Gleisi Hoffmann: dirigente está à esquerda da política econômica do Ministério da Fazenda (Crédito: Rafael Vieira)

Por Gabriela Rölke

RESUMO

• Em sua sanha desenvolvimentista, Lula avisa que não vai perseguir déficit zero, importante para credibilidade
• O recado é para o ministro Fernando Haddad, fiador da estabilidade econômica e interlocutor com o mercado
• Lula coloca a tropa do velho PT – Gleisi Hoffmann, Rui Costa – para minar o ministro da Fazenda
• Atitude gera desgaste entre a militância e revela preocupação do presidente com o fortalecimento de Haddad para 2026
• Lula usa a tática de deixar brigar para enfraquecer, mas, dono dos votos do partido, é ele quem arbitra
• O problema é que ano que vem tem eleições municipais e as divergências internas já estão nas campanhas

 

O desempenho de um ministro da Fazenda costuma ser decisivo para o sucesso ou o fracasso de um governo. Titular da pasta no governo Lula 3, Fernando Haddad vem conseguindo importantes avanços na área, e é visto como fiador da estabilidade econômica. Conseguiu aprovar no Congresso o novo arcabouço fiscal, se encaminha para a aprovação da tão necessária Reforma Tributária, e defende zerar o déficit primário em 2024. Mas tem sido alvo de fogo amigo dentro do próprio partido, o PT, que segue no velho dilema entre a gastança tão característica da sigla e medidas de responsabilidade fiscal, nem sempre seguidas por seus filiados.
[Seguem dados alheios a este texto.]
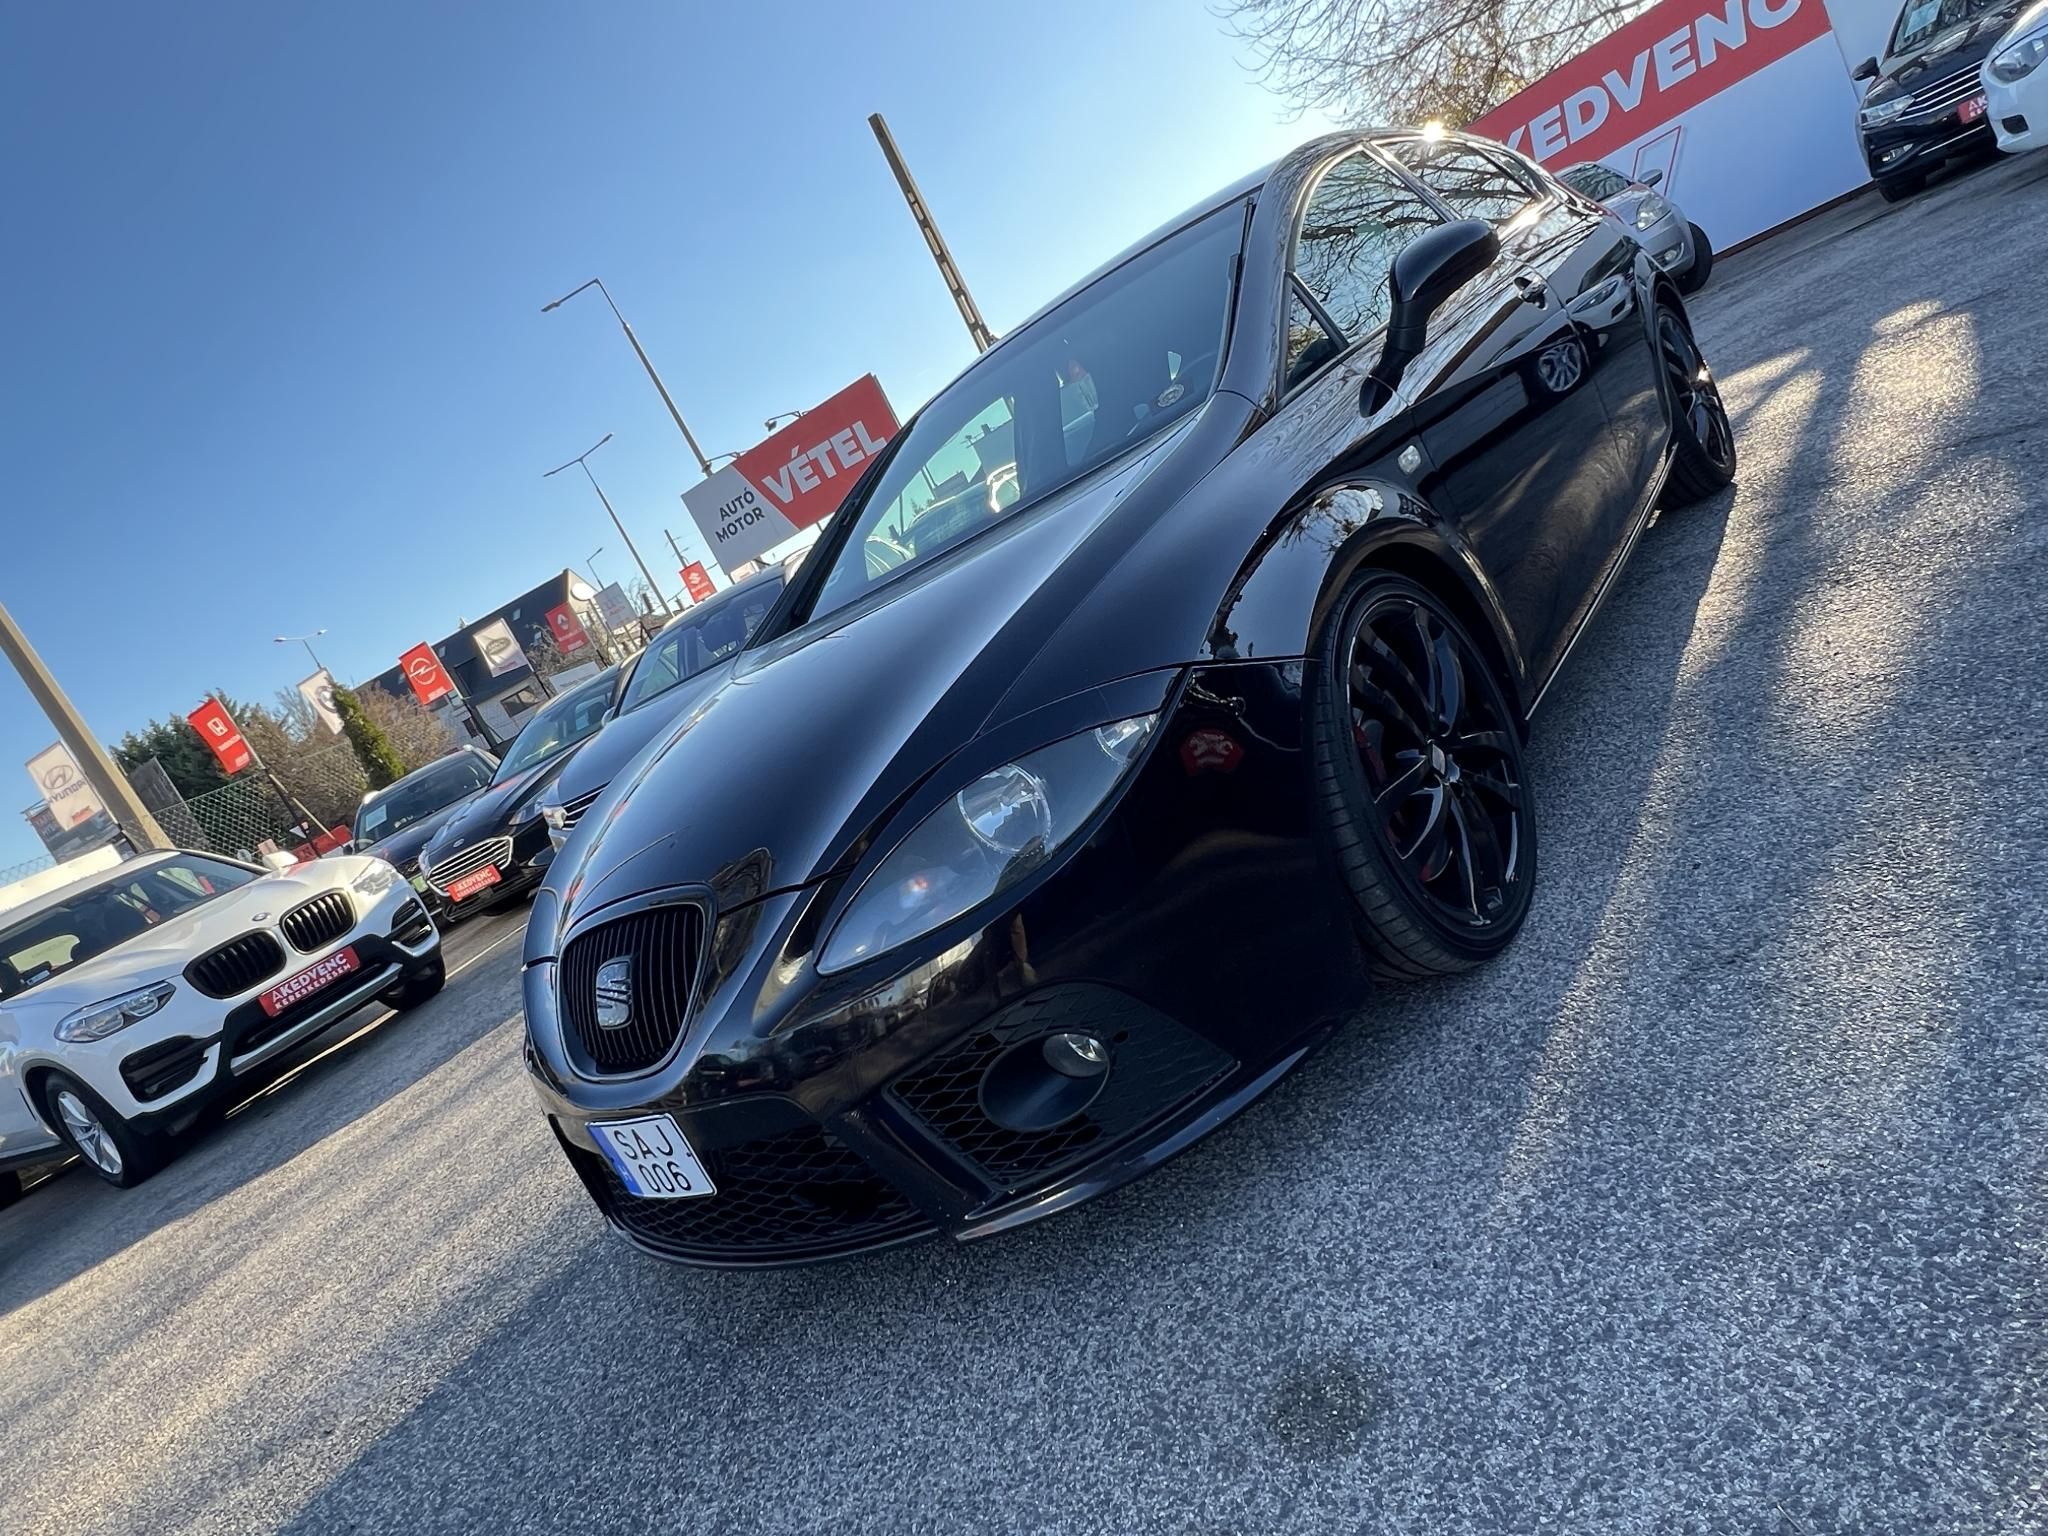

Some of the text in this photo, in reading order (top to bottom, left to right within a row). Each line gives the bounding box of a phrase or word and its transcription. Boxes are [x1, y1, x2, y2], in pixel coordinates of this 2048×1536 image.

A oposição mais vocal a Haddad é da presidente do partido, deputada Gleisi Hoffmann, e do ministro da Casa Civil, Rui Costa. Os dois contam com o apoio do presidente, que já sinalizou que deve flexibilizar a meta fiscal defendida por Haddad. Ou seja, o velho PT, que sempre faz o que Lula manda, acabou derrotando os petistas mais moderados, que pouca força têm.


Rui Costa: na coordenação do PAC, ministro é contra redução de investimentos (Crédito:Rafael Vieira)

“Para quem está na Fazenda, dinheiro bom é dinheiro no Tesouro. Para quem está na presidência, dinheiro bom é dinheiro transformado em obras”, disse Lula, num recado a Haddad. “O objetivo é a gente criar emprego neste País”, reafirmou. “Se o dinheiro estiver circulando e gerando emprego, é tudo que um político quer, é tudo que o presidente deseja.”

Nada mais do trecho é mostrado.